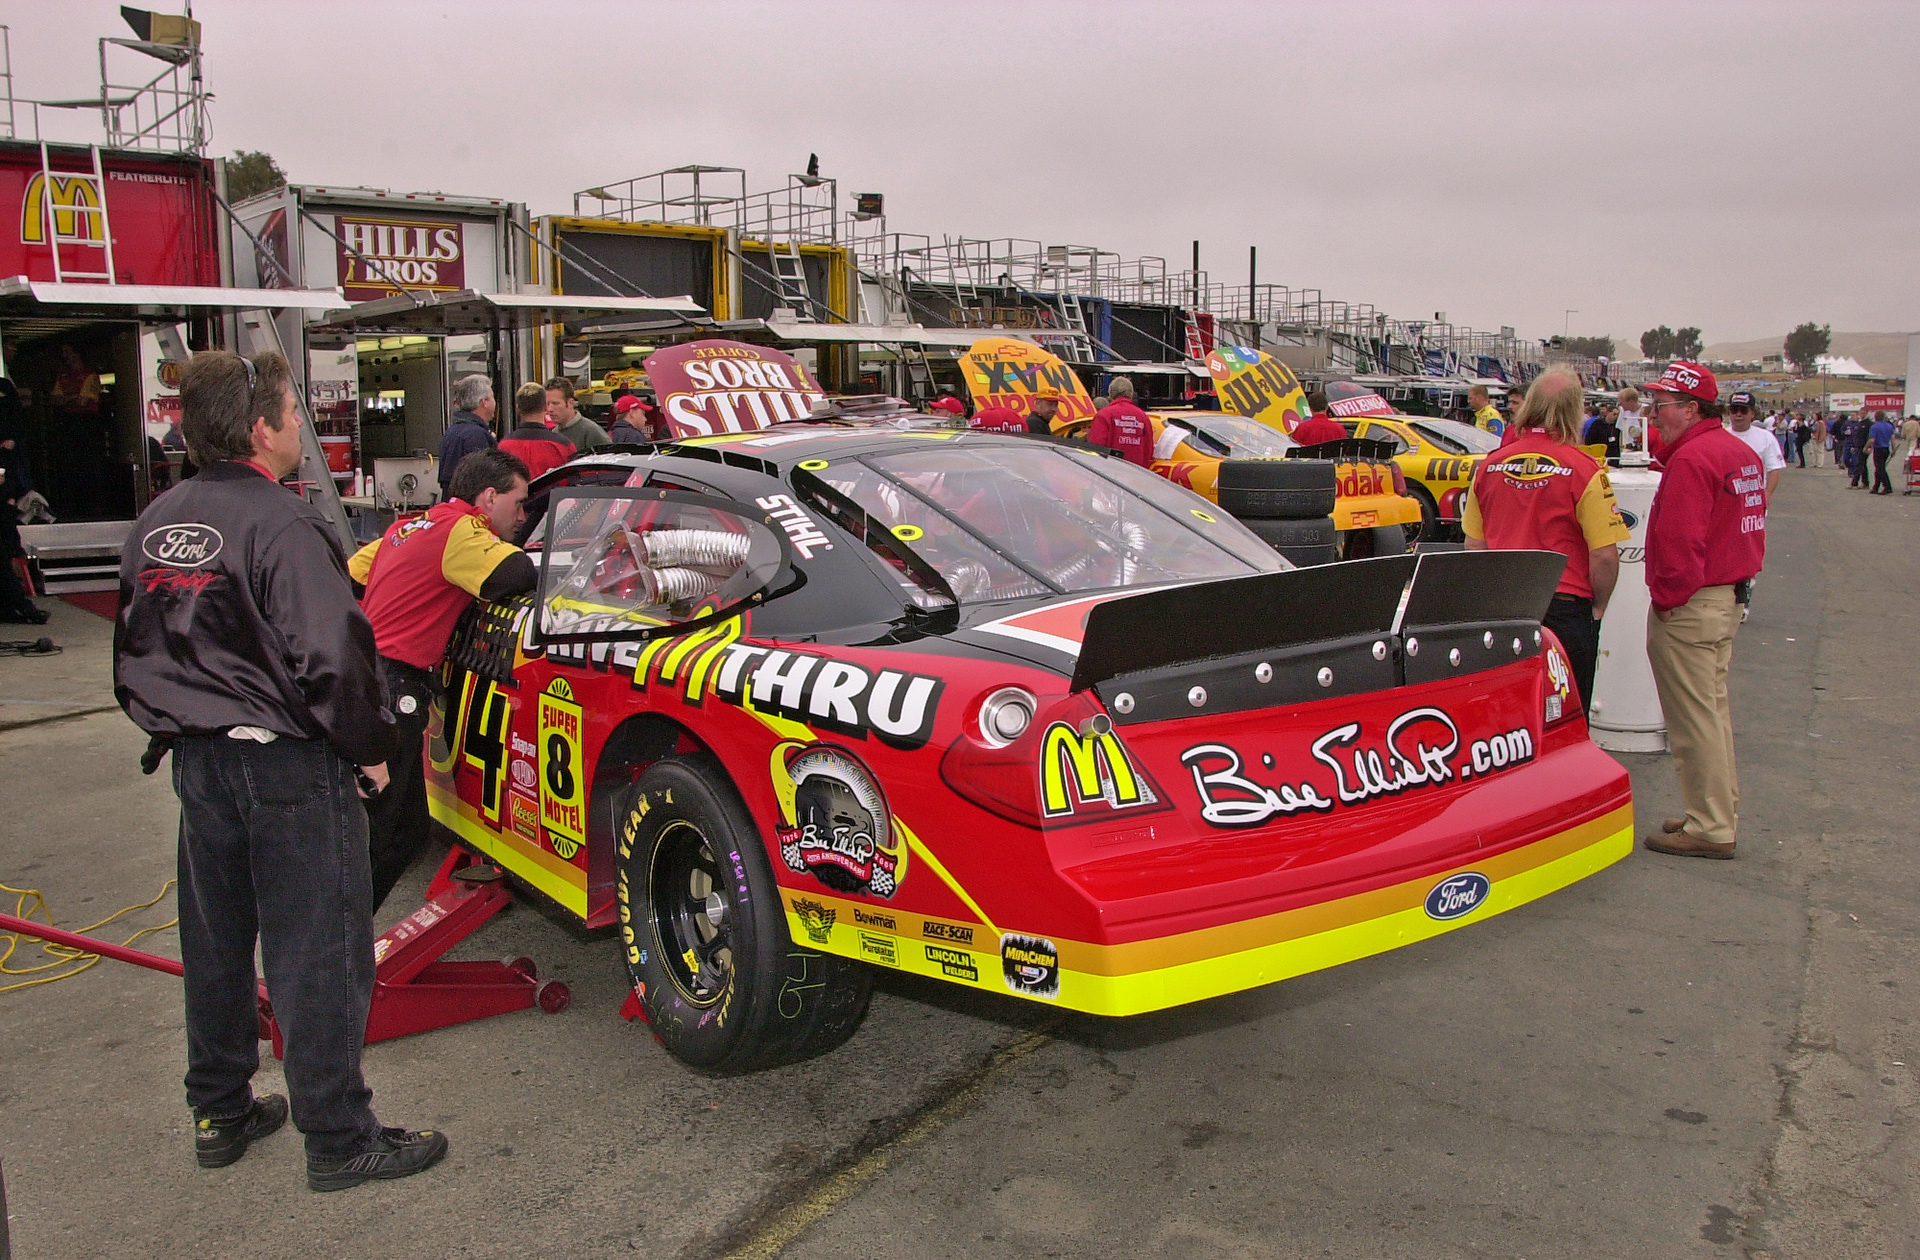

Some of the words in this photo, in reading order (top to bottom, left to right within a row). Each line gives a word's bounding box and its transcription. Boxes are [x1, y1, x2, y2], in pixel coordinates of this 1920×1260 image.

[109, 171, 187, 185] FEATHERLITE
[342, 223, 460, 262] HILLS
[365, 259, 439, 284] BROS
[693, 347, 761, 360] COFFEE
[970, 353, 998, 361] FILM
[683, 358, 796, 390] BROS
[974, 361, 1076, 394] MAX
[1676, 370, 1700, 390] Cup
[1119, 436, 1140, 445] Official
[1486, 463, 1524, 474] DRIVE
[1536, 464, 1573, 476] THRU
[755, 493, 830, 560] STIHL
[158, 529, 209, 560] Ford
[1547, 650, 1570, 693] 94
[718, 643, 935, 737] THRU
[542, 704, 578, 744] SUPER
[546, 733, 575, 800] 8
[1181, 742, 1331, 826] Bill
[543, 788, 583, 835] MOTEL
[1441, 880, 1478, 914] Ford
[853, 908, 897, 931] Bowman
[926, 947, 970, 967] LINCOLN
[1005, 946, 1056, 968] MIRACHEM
----
Transcribe all the lines above exactly; any image among them is skipped.

Some of the words in this photo, in reading order (top to bottom, left to right within a row). Each line gives a word's bounding box and its transcription. Boxes are [x1, y1, x2, y2], in pixel coordinates of this 1920×1260 image.

[109, 171, 187, 185] FEATHERLITE
[342, 223, 460, 262] HILLS
[365, 259, 439, 284] BROS
[693, 347, 761, 360] COFFEE
[970, 353, 998, 361] FILM
[683, 358, 796, 390] BROS
[974, 361, 1076, 394] MAX
[1676, 370, 1700, 390] Cup
[1119, 436, 1140, 445] Official
[1486, 463, 1524, 474] DRIVE
[1536, 464, 1573, 476] THRU
[755, 493, 830, 560] STIHL
[158, 529, 209, 560] Ford
[1547, 650, 1570, 693] 94
[718, 643, 935, 737] THRU
[542, 704, 578, 744] SUPER
[546, 733, 575, 800] 8
[1181, 742, 1331, 826] Bill
[543, 788, 583, 835] MOTEL
[1441, 880, 1478, 914] Ford
[853, 908, 897, 931] Bowman
[926, 947, 970, 967] LINCOLN
[1005, 946, 1056, 968] MIRACHEM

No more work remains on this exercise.